**Work instructions:** Set down the entries exactly as they appear, apart from the images, which stay out.

**Provided entries:**
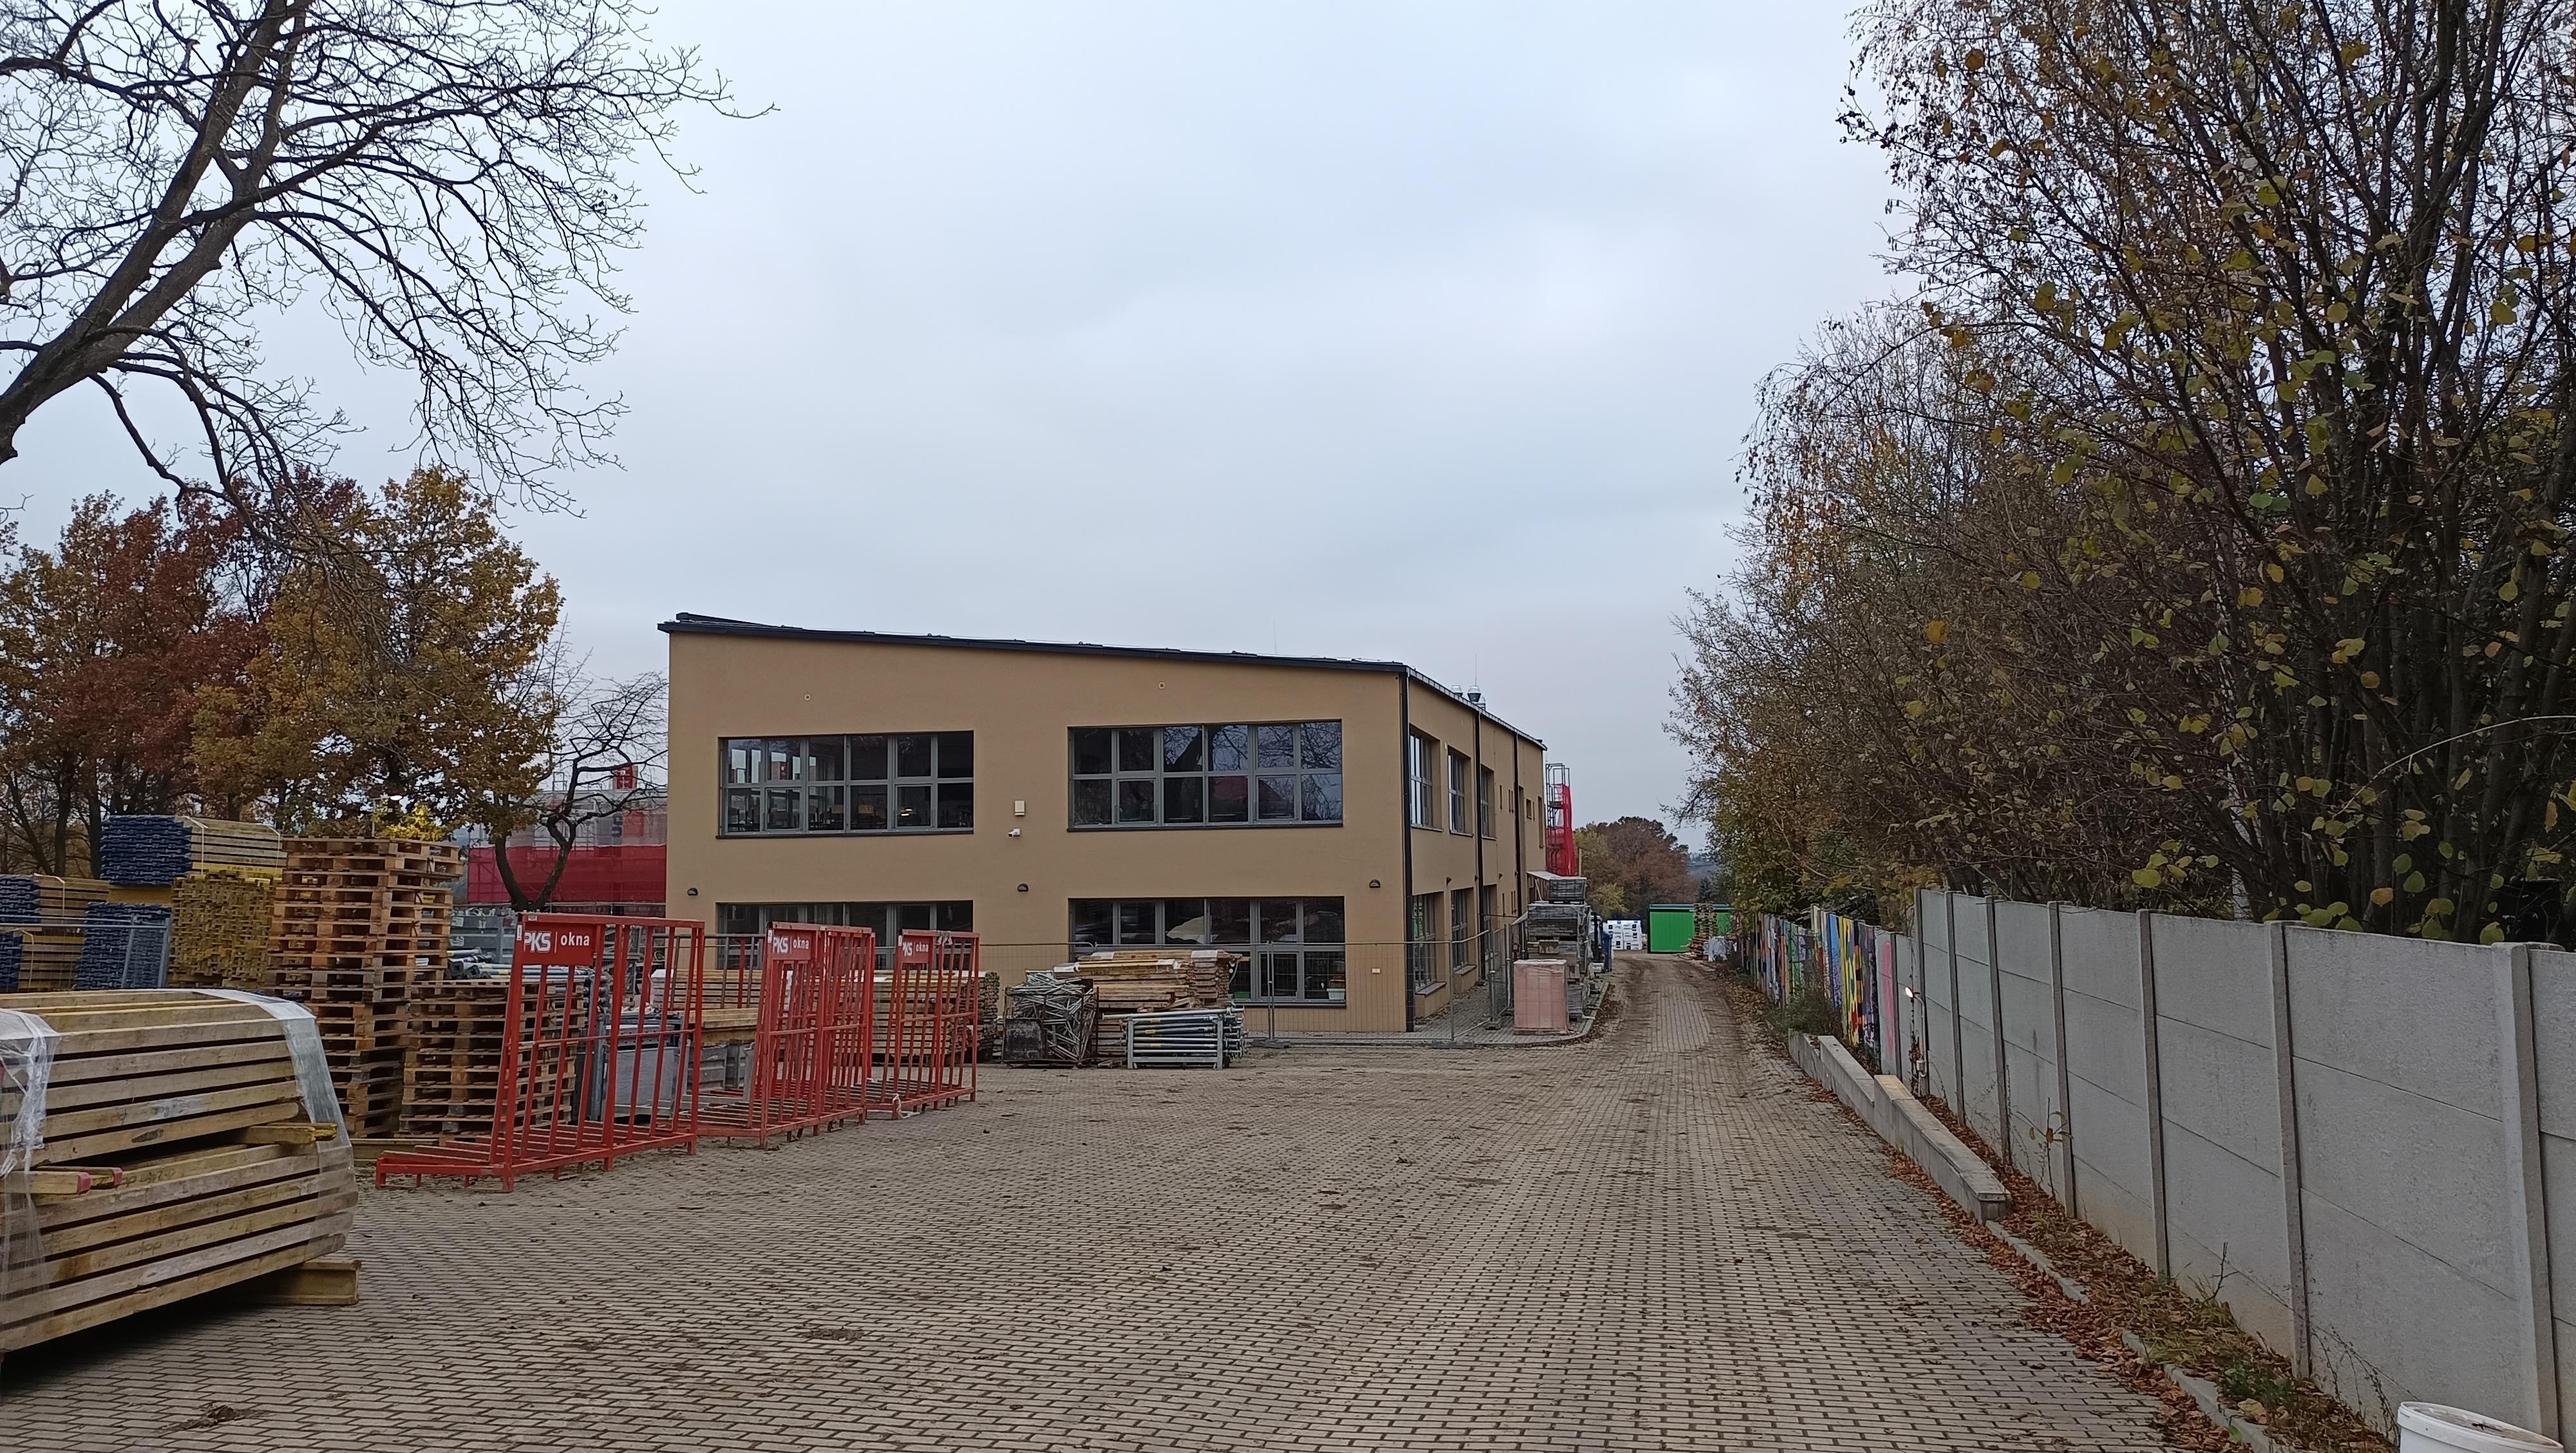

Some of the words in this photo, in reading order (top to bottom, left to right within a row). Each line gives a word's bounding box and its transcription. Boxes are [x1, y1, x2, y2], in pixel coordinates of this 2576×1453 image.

[524, 931, 551, 953] PKS
[560, 931, 590, 946] okna
[773, 936, 789, 954] PKS
[793, 936, 810, 949] okna
[916, 942, 929, 953] okna
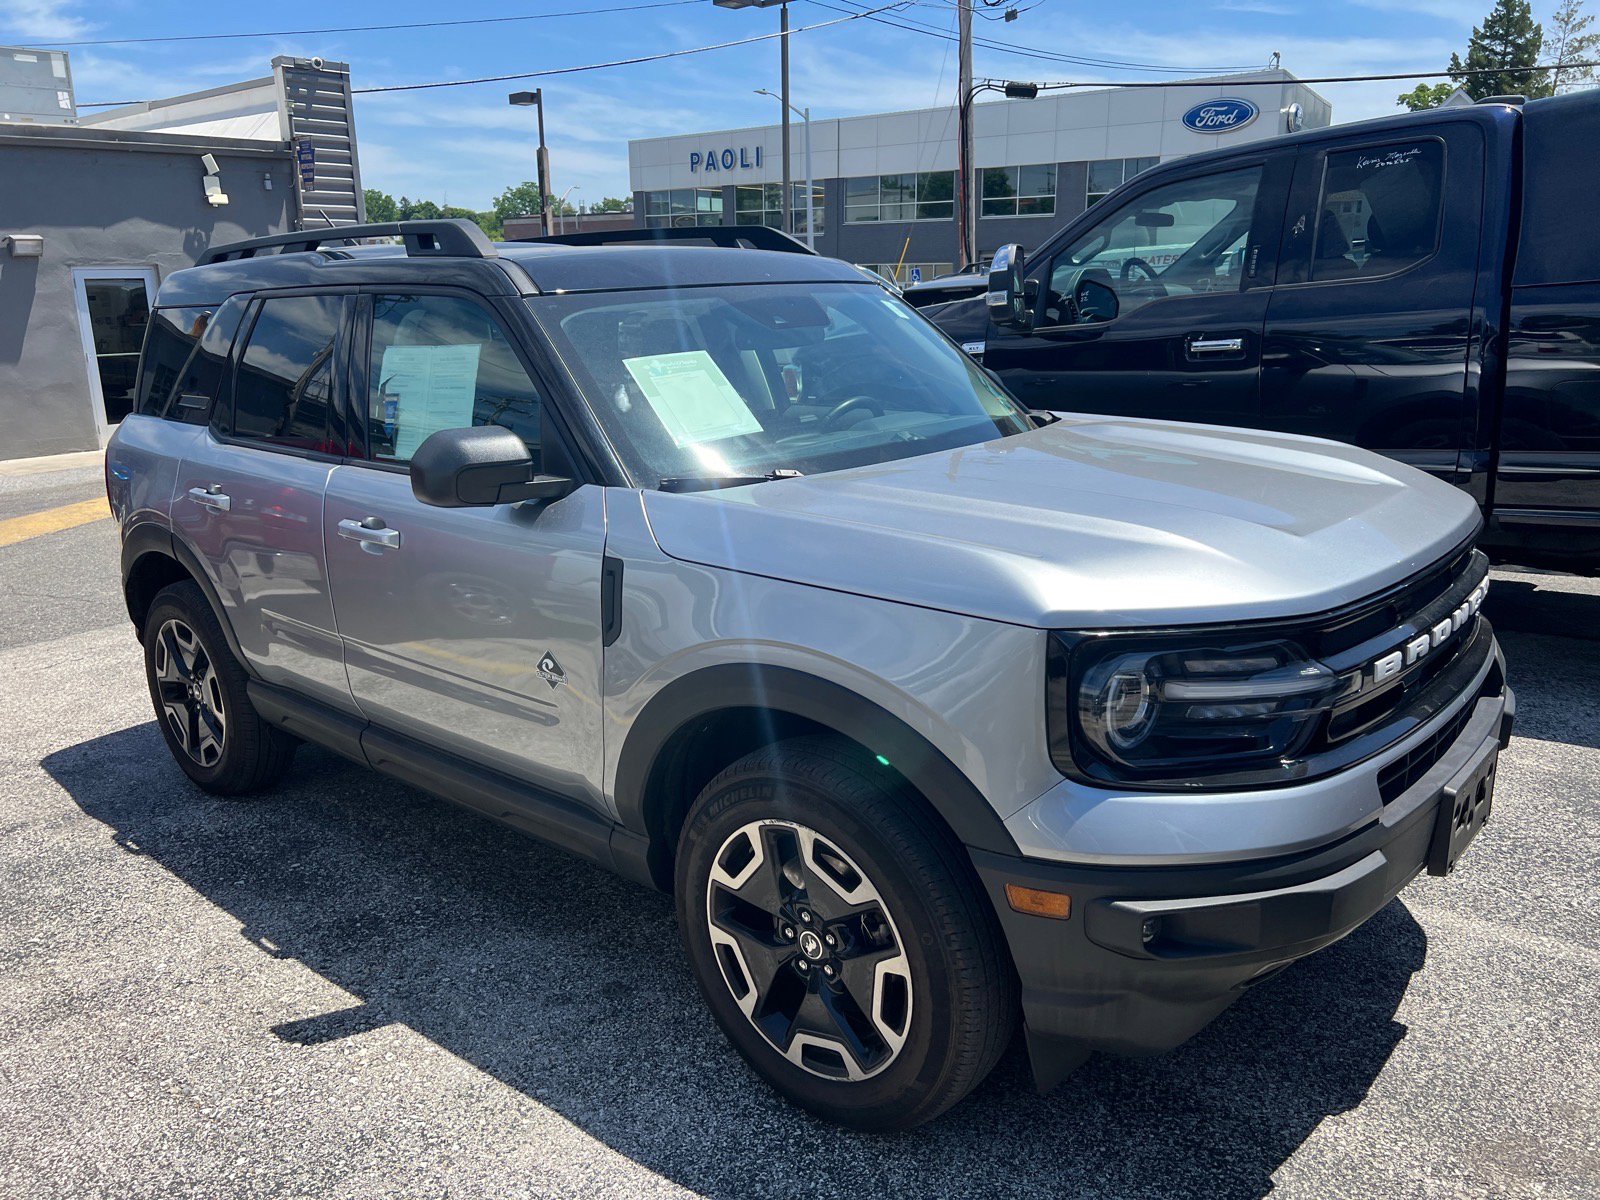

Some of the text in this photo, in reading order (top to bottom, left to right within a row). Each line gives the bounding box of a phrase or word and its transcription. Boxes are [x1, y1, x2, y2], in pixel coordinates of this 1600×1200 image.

[1195, 106, 1238, 127] Ford
[690, 146, 762, 173] PAOLI
[708, 785, 772, 816] MICHELIN

**The answer:**
Some of the words in this photo, in reading order (top to bottom, left to right within a row). Each line gives a word's bounding box and its transcription. Boxes are [x1, y1, x2, y2], in pixel coordinates of this 2576×1453 image.

[524, 931, 551, 953] PKS
[560, 931, 590, 946] okna
[773, 936, 789, 954] PKS
[793, 936, 810, 949] okna
[916, 942, 929, 953] okna

Some of the text in this photo, in reading order (top to bottom, left to right within a row). Each line gives the bounding box of a phrase or word and its transcription. Boxes are [x1, y1, x2, y2], in pixel coordinates of this 1600×1200 image.

[1195, 106, 1238, 127] Ford
[690, 146, 762, 173] PAOLI
[708, 785, 772, 816] MICHELIN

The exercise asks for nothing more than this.